Phrase grounding data:
· · · · ·
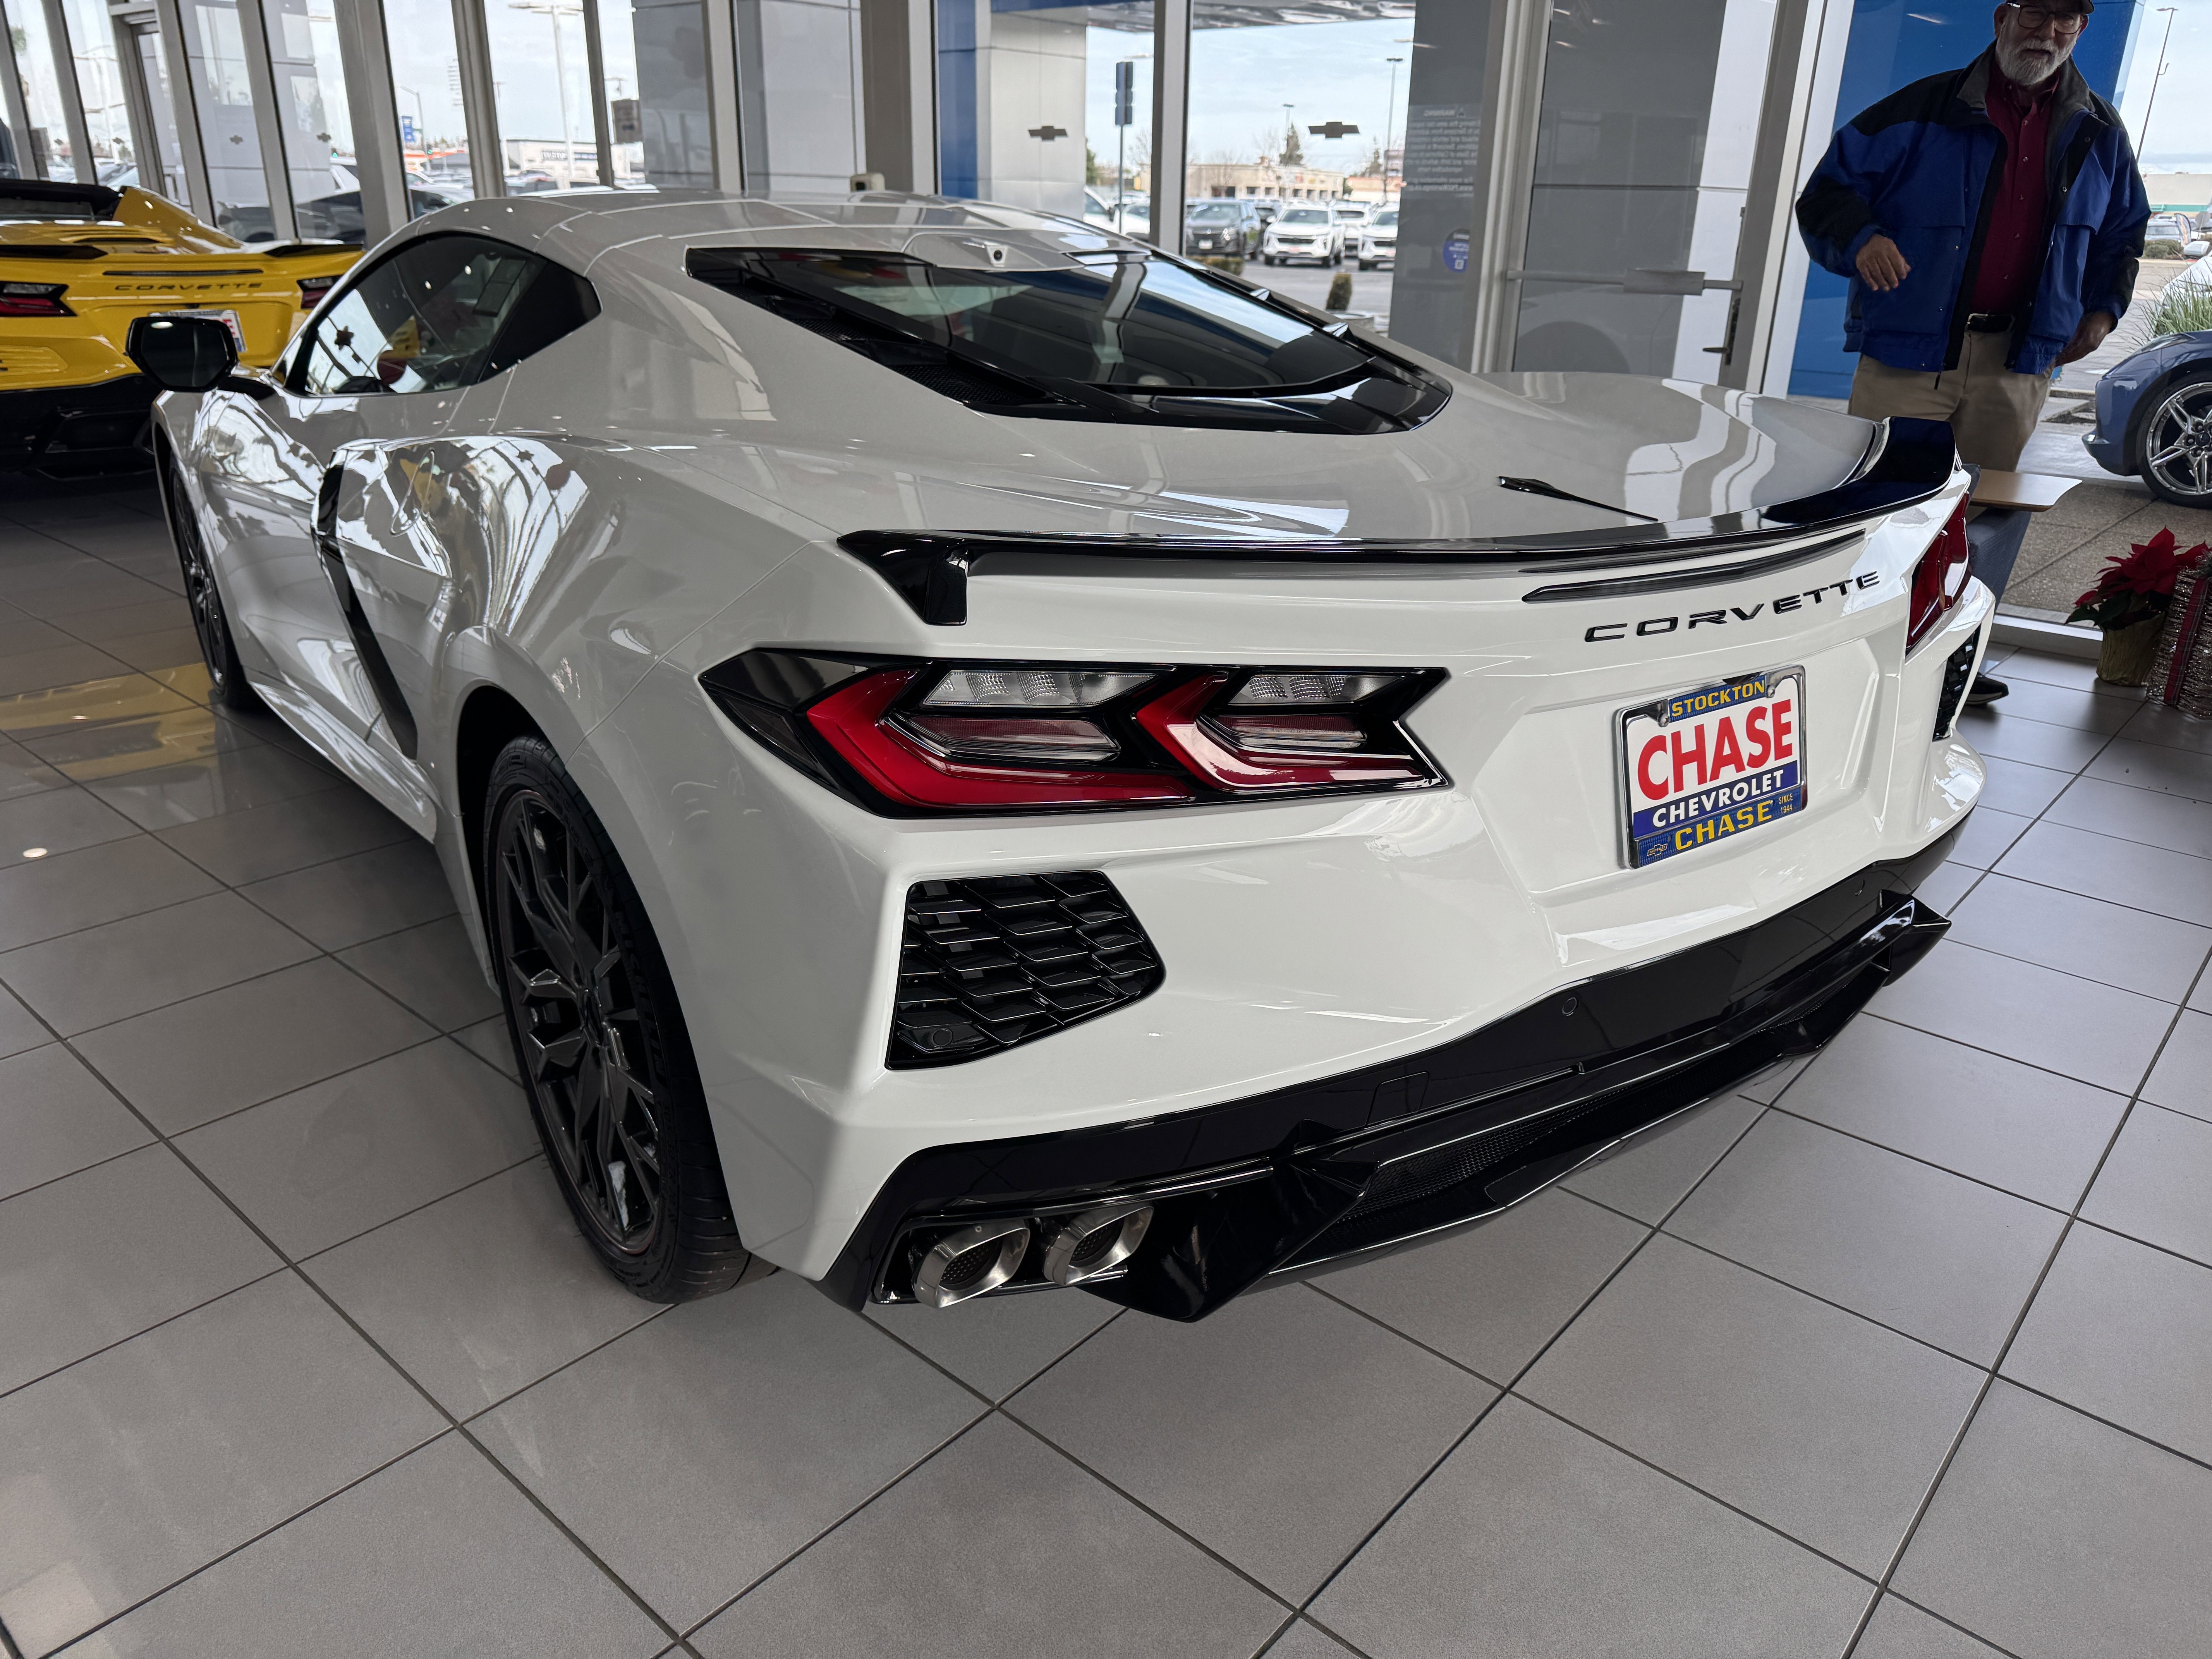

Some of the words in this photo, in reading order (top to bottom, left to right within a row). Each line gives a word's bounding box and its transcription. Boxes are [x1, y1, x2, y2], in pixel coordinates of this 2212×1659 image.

[115, 283, 262, 291] CORVETTE
[1584, 570, 1881, 642] CORVETTE
[1671, 680, 1765, 717] STOCKTON
[1637, 699, 1793, 800] CHASE
[1652, 769, 1784, 827] CHEVROLET
[1779, 793, 1793, 804] SINCE
[1781, 803, 1793, 814] 1944
[1675, 800, 1772, 851] CHASE
[615, 910, 668, 1077] MICHELIN
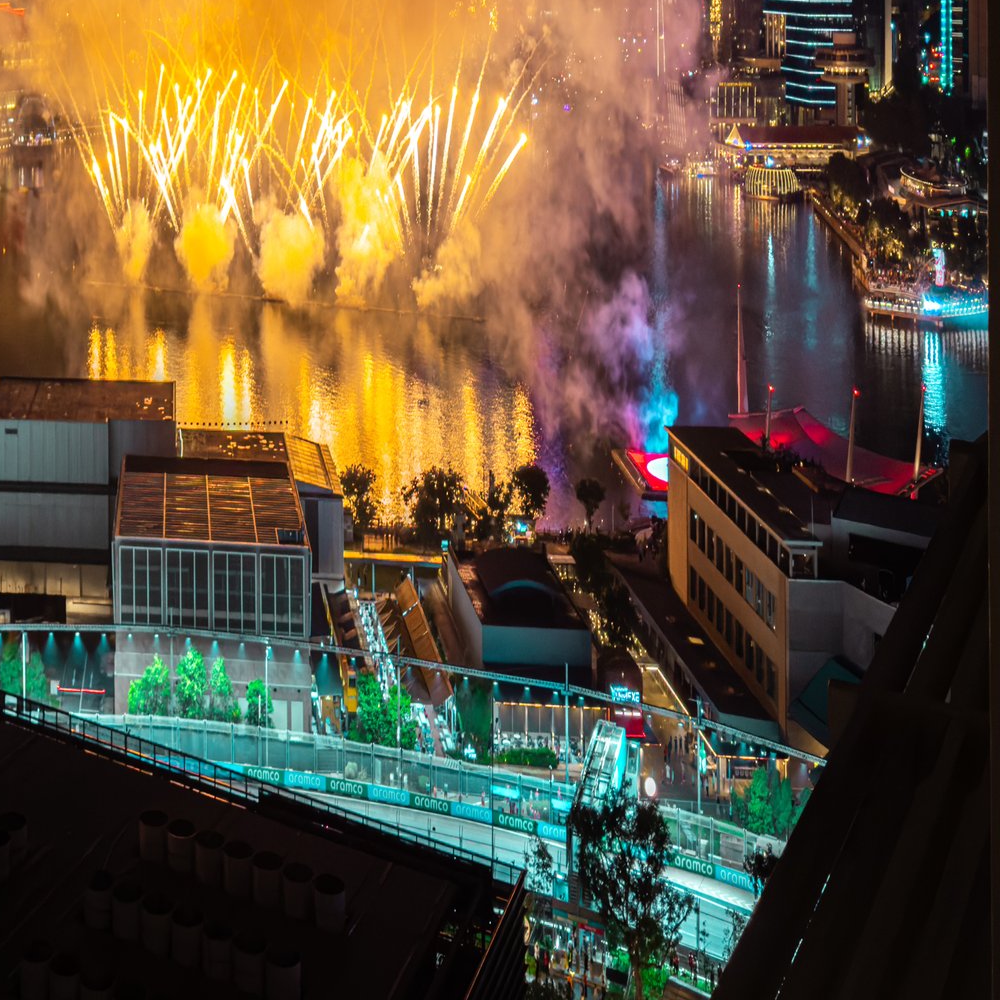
· · · · ·
INSTRUCTIONS FOR THE TASK: Line by line, print the records above exactly, skipping each picture.

COMPLETED EXERCISE:
Some of the words in this photo, in reading order (top to bottom, left to right within a row). Each line gives a word's bounding box and its transcription. Boxes are [x1, y1, x2, y2], in pixel coordinates of this 2212×1659 image.

[115, 283, 262, 291] CORVETTE
[1584, 570, 1881, 642] CORVETTE
[1671, 680, 1765, 717] STOCKTON
[1637, 699, 1793, 800] CHASE
[1652, 769, 1784, 827] CHEVROLET
[1779, 793, 1793, 804] SINCE
[1781, 803, 1793, 814] 1944
[1675, 800, 1772, 851] CHASE
[615, 910, 668, 1077] MICHELIN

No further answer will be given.